---------- GIVEN DATA
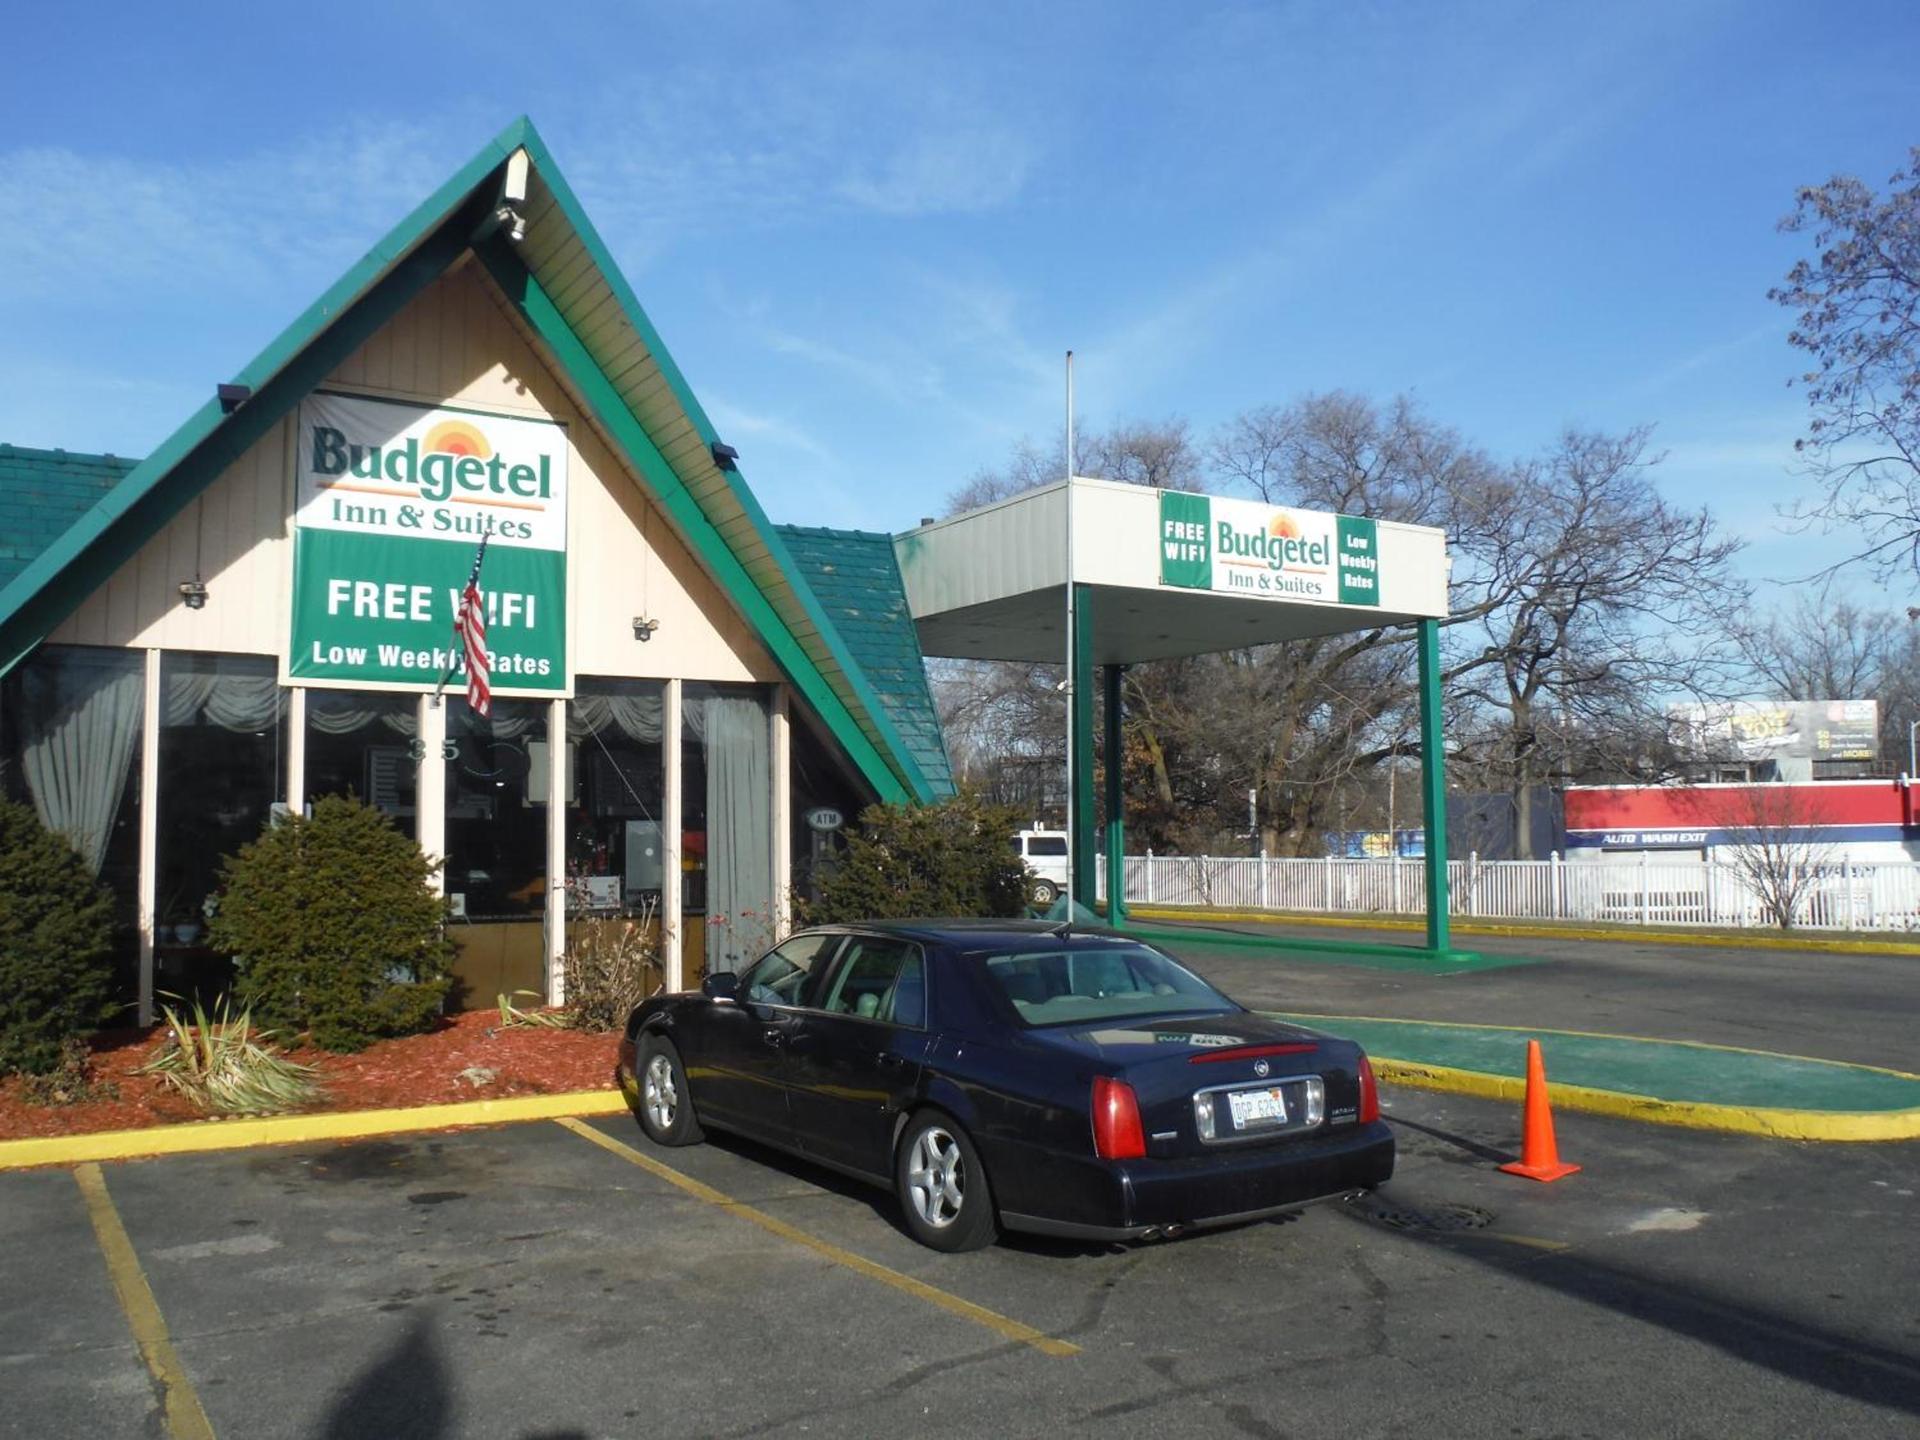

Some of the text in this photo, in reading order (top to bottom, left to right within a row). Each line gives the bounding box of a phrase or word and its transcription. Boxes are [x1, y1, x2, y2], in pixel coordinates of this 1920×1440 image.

[312, 425, 551, 501] Budgetel
[332, 498, 533, 540] Inn & Suites
[1164, 520, 1205, 541] FREE
[1217, 521, 1330, 571] Budgetel
[1346, 533, 1368, 550] Low
[1164, 542, 1206, 563] WIFI
[1339, 552, 1376, 572] Weekly
[1228, 571, 1322, 595] Inn & Suites
[1344, 573, 1374, 589] Rates
[327, 578, 433, 622] FREE
[312, 640, 368, 665] Low
[377, 644, 469, 675] Weekly
[816, 812, 837, 825] ATM
[1601, 832, 1709, 844] AUTO WASH EXIT
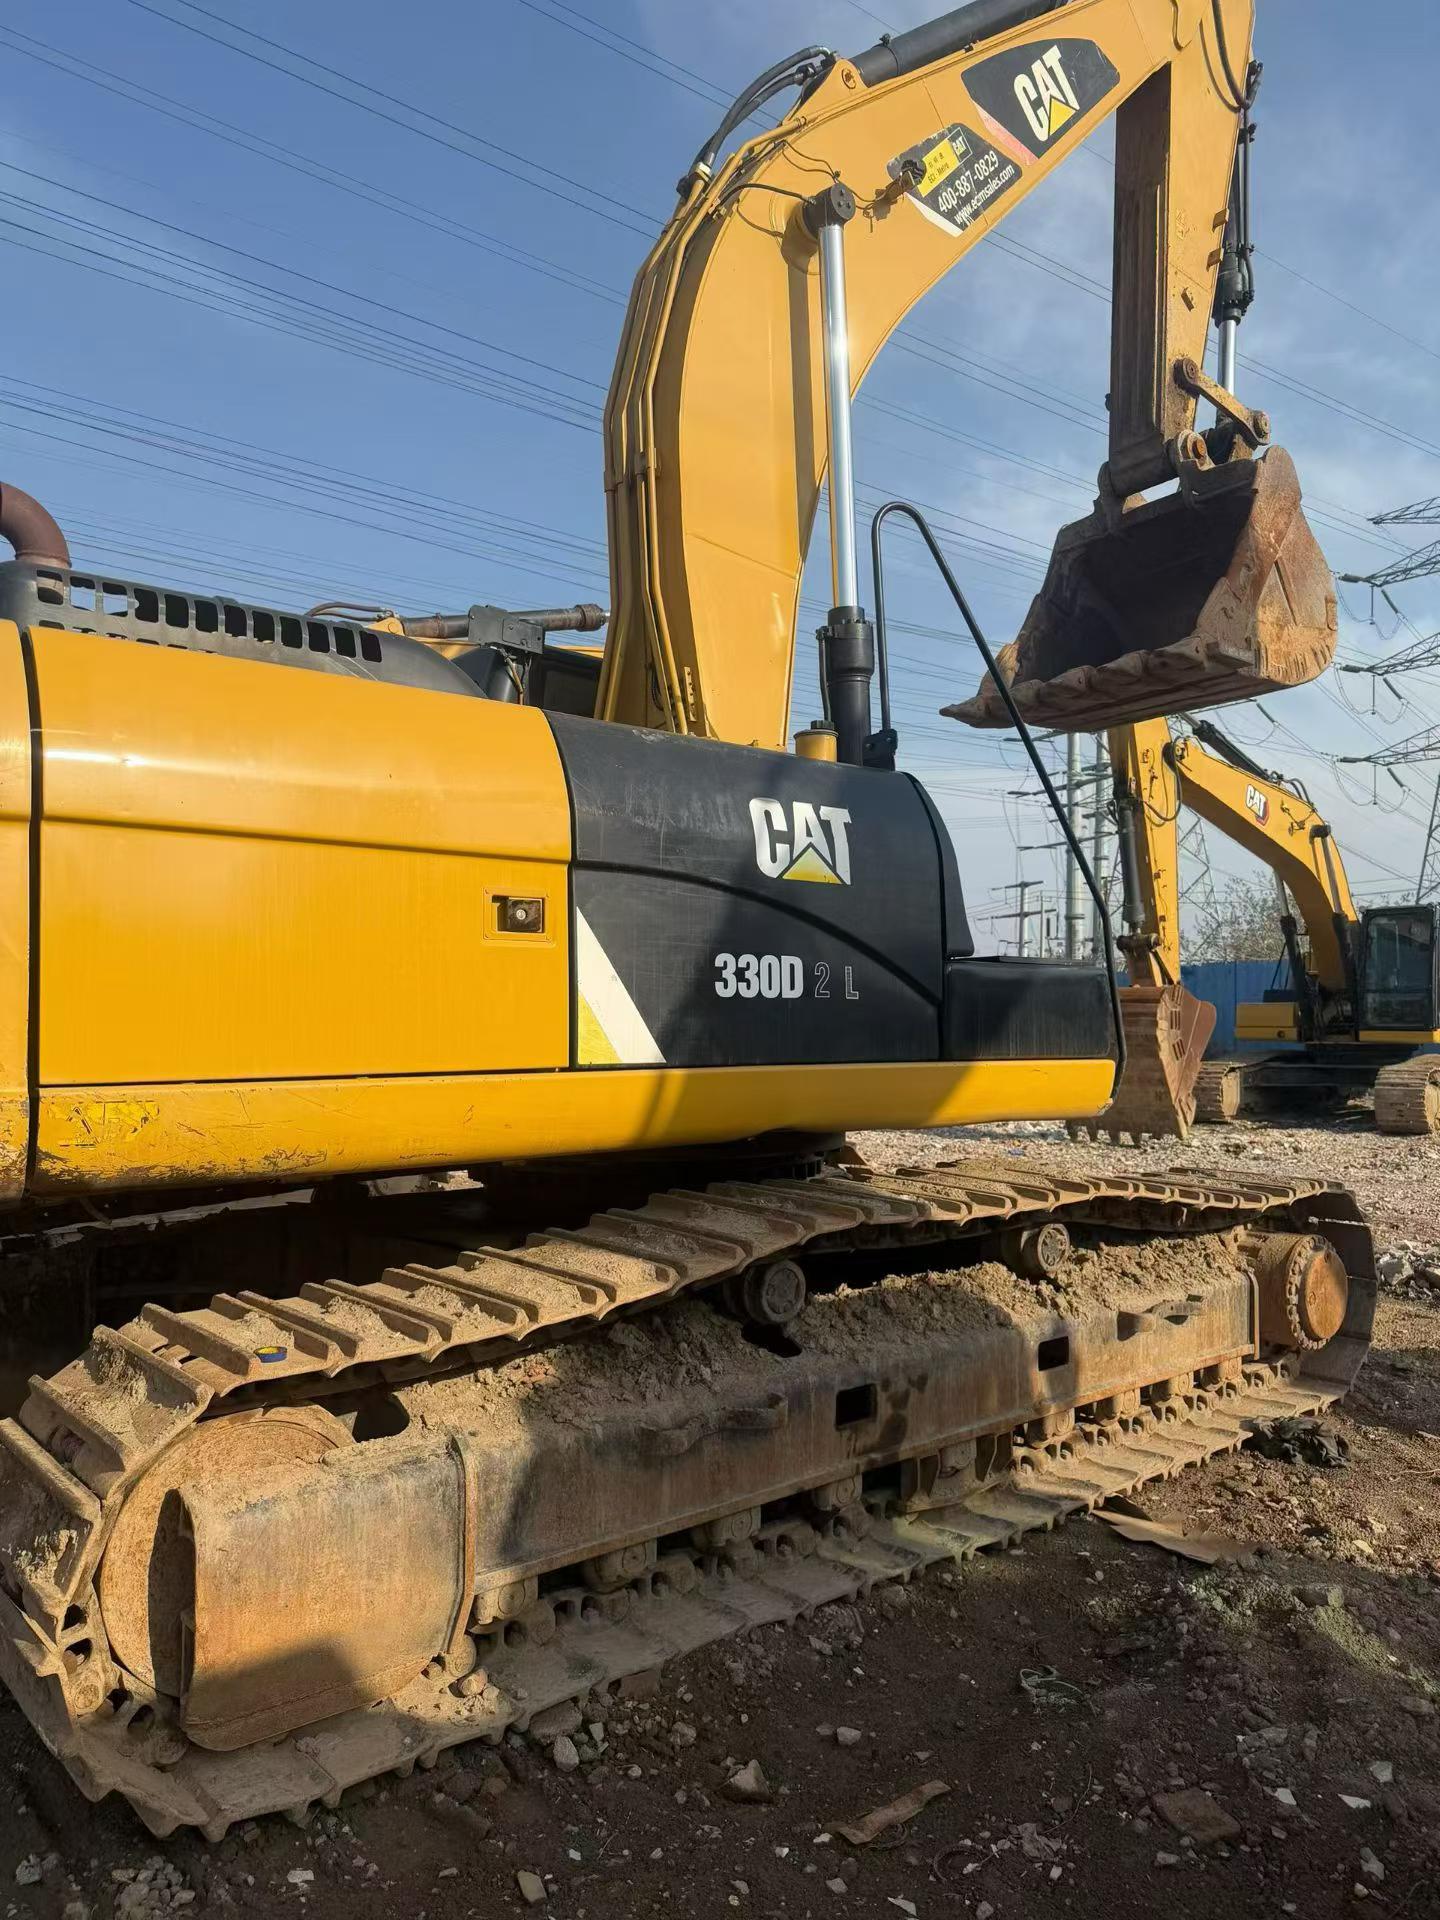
--------------------
THE PROBLEM: Repeat the records in full and exactly, leaving every picture out.

REPLY:
Some of the text in this photo, in reading order (top to bottom, left to right within a row). Each line gives the bounding box of a phrase or word and its transcription. Boxes are [x1, y1, x2, y2], in pixel coordinates of this 1920×1440 image.

[312, 425, 551, 501] Budgetel
[332, 498, 533, 540] Inn & Suites
[1164, 520, 1205, 541] FREE
[1217, 521, 1330, 571] Budgetel
[1346, 533, 1368, 550] Low
[1164, 542, 1206, 563] WIFI
[1339, 552, 1376, 572] Weekly
[1228, 571, 1322, 595] Inn & Suites
[1344, 573, 1374, 589] Rates
[327, 578, 433, 622] FREE
[312, 640, 368, 665] Low
[377, 644, 469, 675] Weekly
[816, 812, 837, 825] ATM
[1601, 832, 1709, 844] AUTO WASH EXIT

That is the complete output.